The Douro as a Wine Region
While locals have been producing garagiste-style still wine for local consumption for more than 2,000 years in the Douro, the first dry table wine emerged “officially” in 1952, with the debut of Barca Velha, made with local grapes, but in the style that honored the wines of Bordeaux.
(Technically, still wine came before Port. Port wine was likely “invented” when wine merchants were forced to innovate when shipping their still wines from Porto to England in the 1600s. But as far as the world’s palate is concerned, Port came first).
But in the decades that followed that initial debut, still wine from the Douro elbowed its way onto the world’s table, and in recent decades it has become ever-more important to winemakers’ bottom lines.
The Douro as a Marketable Concept
The vast majority of Port producers have launched a line of still premium wines. It’s a nod to changing tastes and changing economic realities.
How many 25-year-olds do you know who drink Port?
Absent the extremely knowledgable wine savant, delightful oddball, or generational member of the 1%, sipping a glass of tawny while nibbling on a wee wedge of Camembert is one of the last things anyone under the age of 55 will be found doing on their average Saturday night.

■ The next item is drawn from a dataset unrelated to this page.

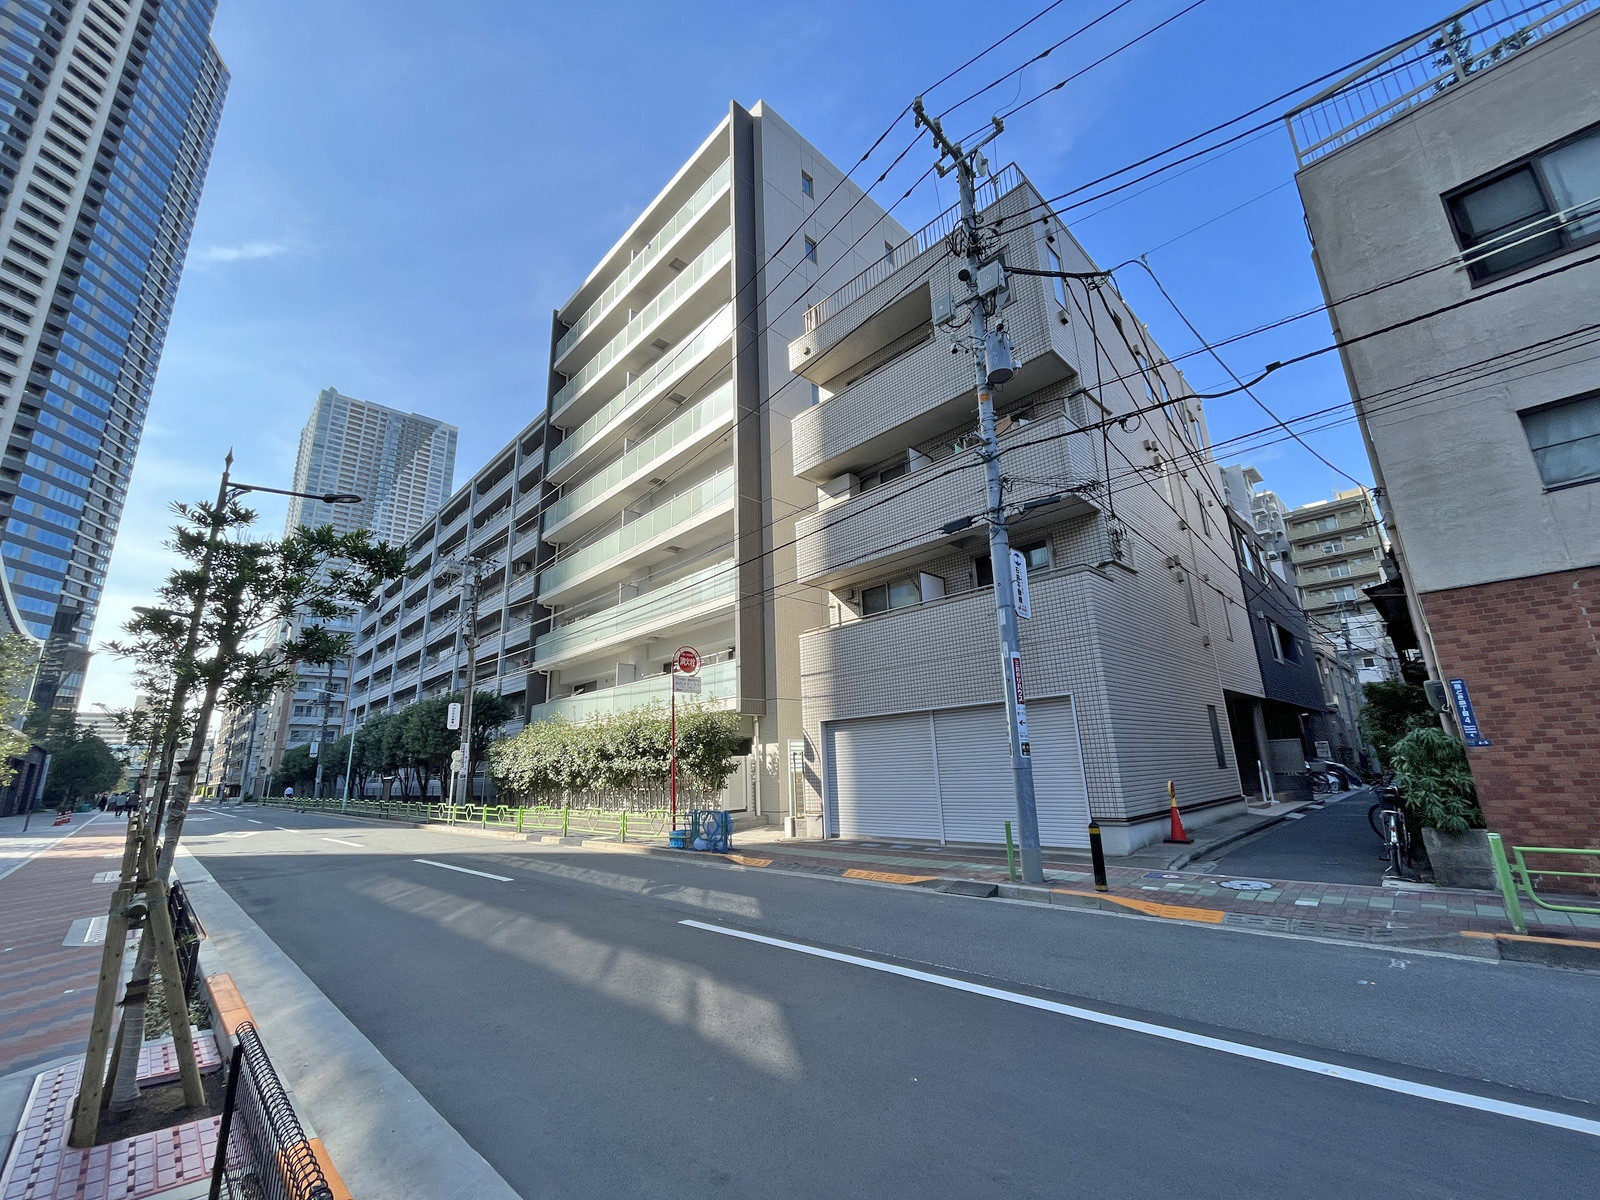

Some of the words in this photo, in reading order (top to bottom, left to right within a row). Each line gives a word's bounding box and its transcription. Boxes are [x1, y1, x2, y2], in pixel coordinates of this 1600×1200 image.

(Unless they’re filming a Boomer parody for TikTok… perhaps Port as an ironic sip could be the new hotness?)
Sales of Port broadly have plummeted by almost one-third since 2000. The category of Port is becoming increasingly dependent on appealing to the economy’s upper echelon.
“People talk too much about age,” says Rupert Symington, the fifth generation leader of Symington Family Estates, which has multiple (Graham’s, Cockburn, Warre, Dow’s) historic Port houses under its umbrella, along with several newer (including Bomfim and Sol) still and sparkling wine brands. “The people who want our top Ports come in all ages. What they have in common is the money to spend on Port.”

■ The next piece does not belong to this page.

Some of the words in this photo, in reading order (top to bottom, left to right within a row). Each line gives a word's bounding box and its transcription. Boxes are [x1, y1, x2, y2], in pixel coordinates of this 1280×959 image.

And spend they must, with prices per bottle typically of new releases hovering in the four digit range, and special and library releases commonly fetching tens of thousands of dollars per bottle.

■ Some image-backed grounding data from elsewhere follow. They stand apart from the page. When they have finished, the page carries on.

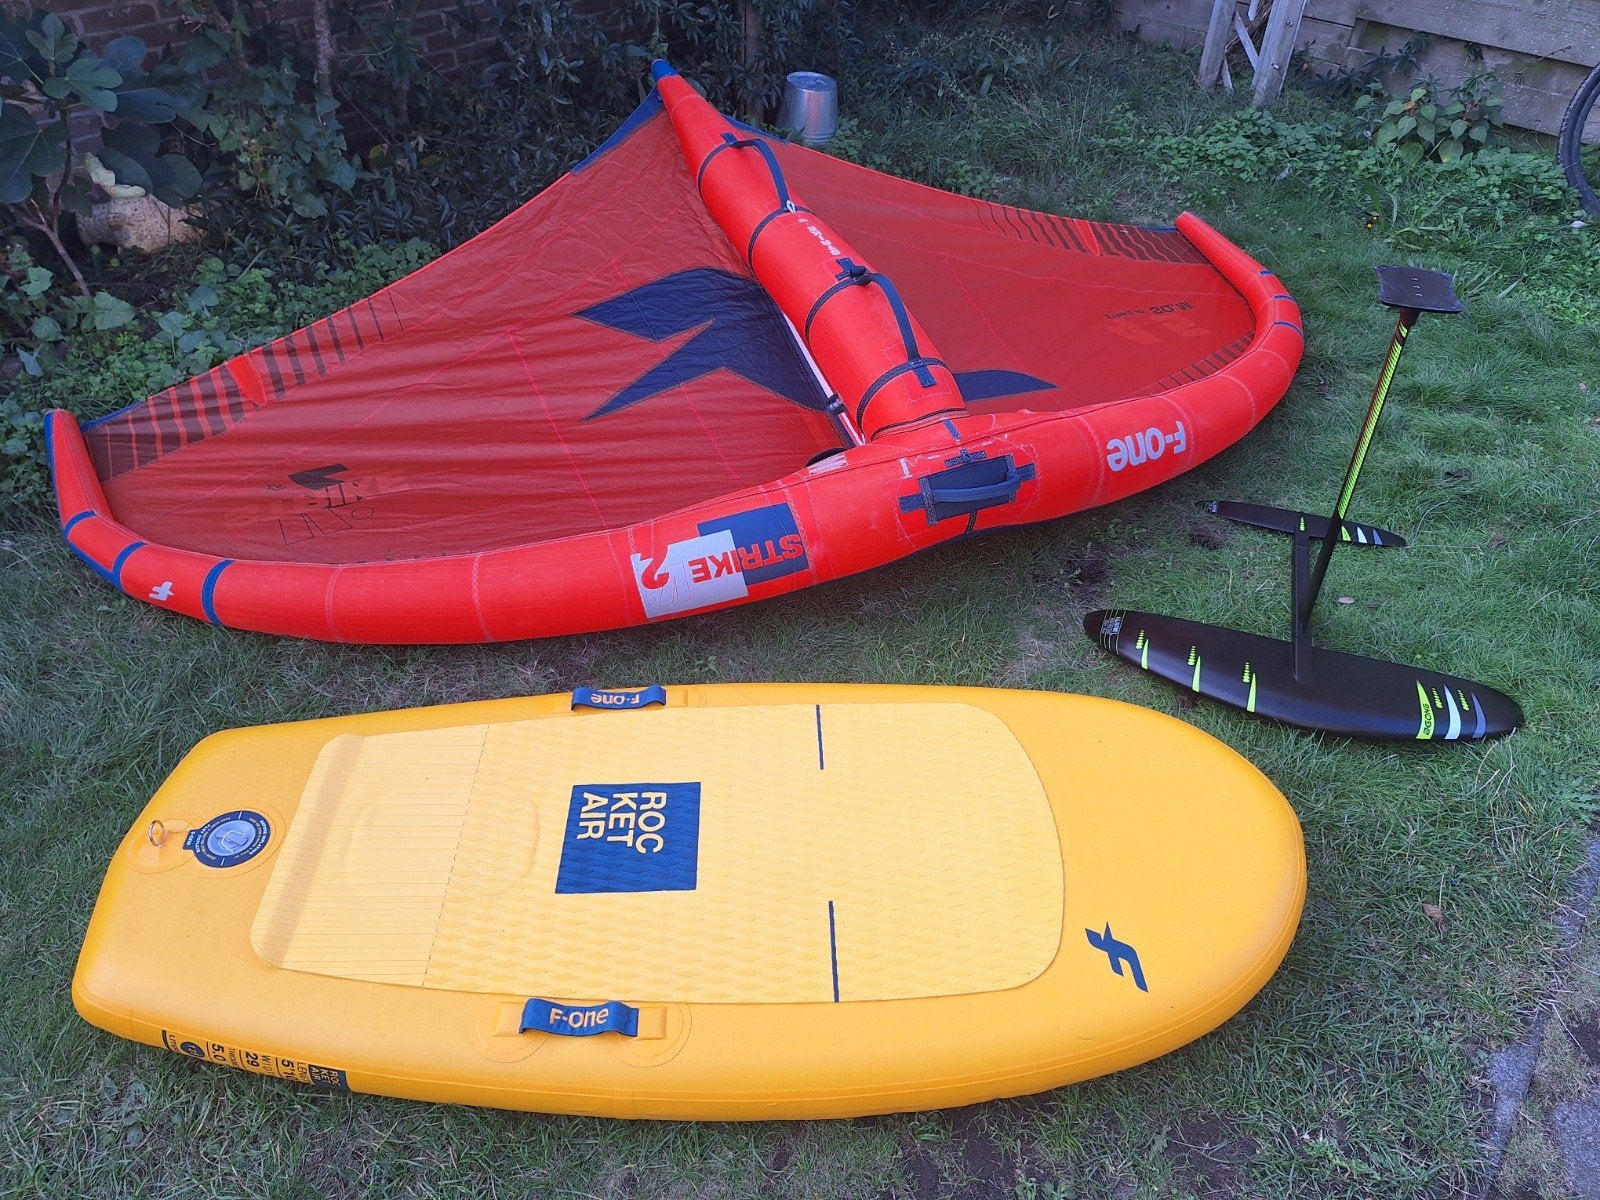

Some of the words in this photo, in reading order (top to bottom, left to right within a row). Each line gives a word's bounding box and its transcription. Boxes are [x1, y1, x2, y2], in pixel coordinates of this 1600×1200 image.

[688, 534, 804, 584] STRIKE
[576, 791, 609, 840] AIR
[606, 792, 638, 848] KET
[635, 791, 667, 854] ROC
[211, 1043, 226, 1062] 5.0
[245, 1051, 260, 1067] 29
[310, 1066, 321, 1081] AIR
[320, 1069, 331, 1084] KET
[329, 1071, 341, 1087] ROC

Clearly, not everyone can shell out this kind of cash, so the premium production is limited, and at this point, half of the wines emerging from the Douro are still table wines, an unthinkable phenomena even a few decades ago.
This year, the Interprofessional Council of the Instituto dos Vinhos do Douro e do Porto slashed the authorized amount of Port wine for the 2025 harvest by 16%, and the lowest figure so far this millennium.
The Douro in an Economic Crunch
Meanwhile, the Douro’s steep vineyards and poor soils, and the traditional method of Port production requires a much higher level of boots on the ground, and higher costs than any other region in the world.
“The Douro is the most expensive place in the world to produce wine,” Symington explains, explaining that the steep, terraced vineyards make mechanical harvesting impossible. “The cost of labor has gone up astronomically, and at the same time, all of the local people are moving out to the cities. It’s an epic brain drain. It’s a serious problem, not just for us, but for the entire region.”
Indeed, while the costs of farming and production have remained the same or gone up slightly in recent years, so has the cost of hiring people, (The minimum wage was raised 6.1% this year).
“The labor issue has been one we’ve been dealing with decades, really,” Symington says. “We have always, thankfully, been very tech-forward. My cousin Charles [the winemaker] has worked to invent several machines that not only cut labor costs, but also improve the taste of the wine when we do side-by-side blind comparisons with members of the trade.”
The Symingtons were the first to bring auto-vinification to the Douro, the first to begin using automated lagares with rubber “feet” in place of stomping human foot during the fermentation process, and now they are experimenting with robots in the vineyard, and replanting vineyards to accommodate ’bot harvesters.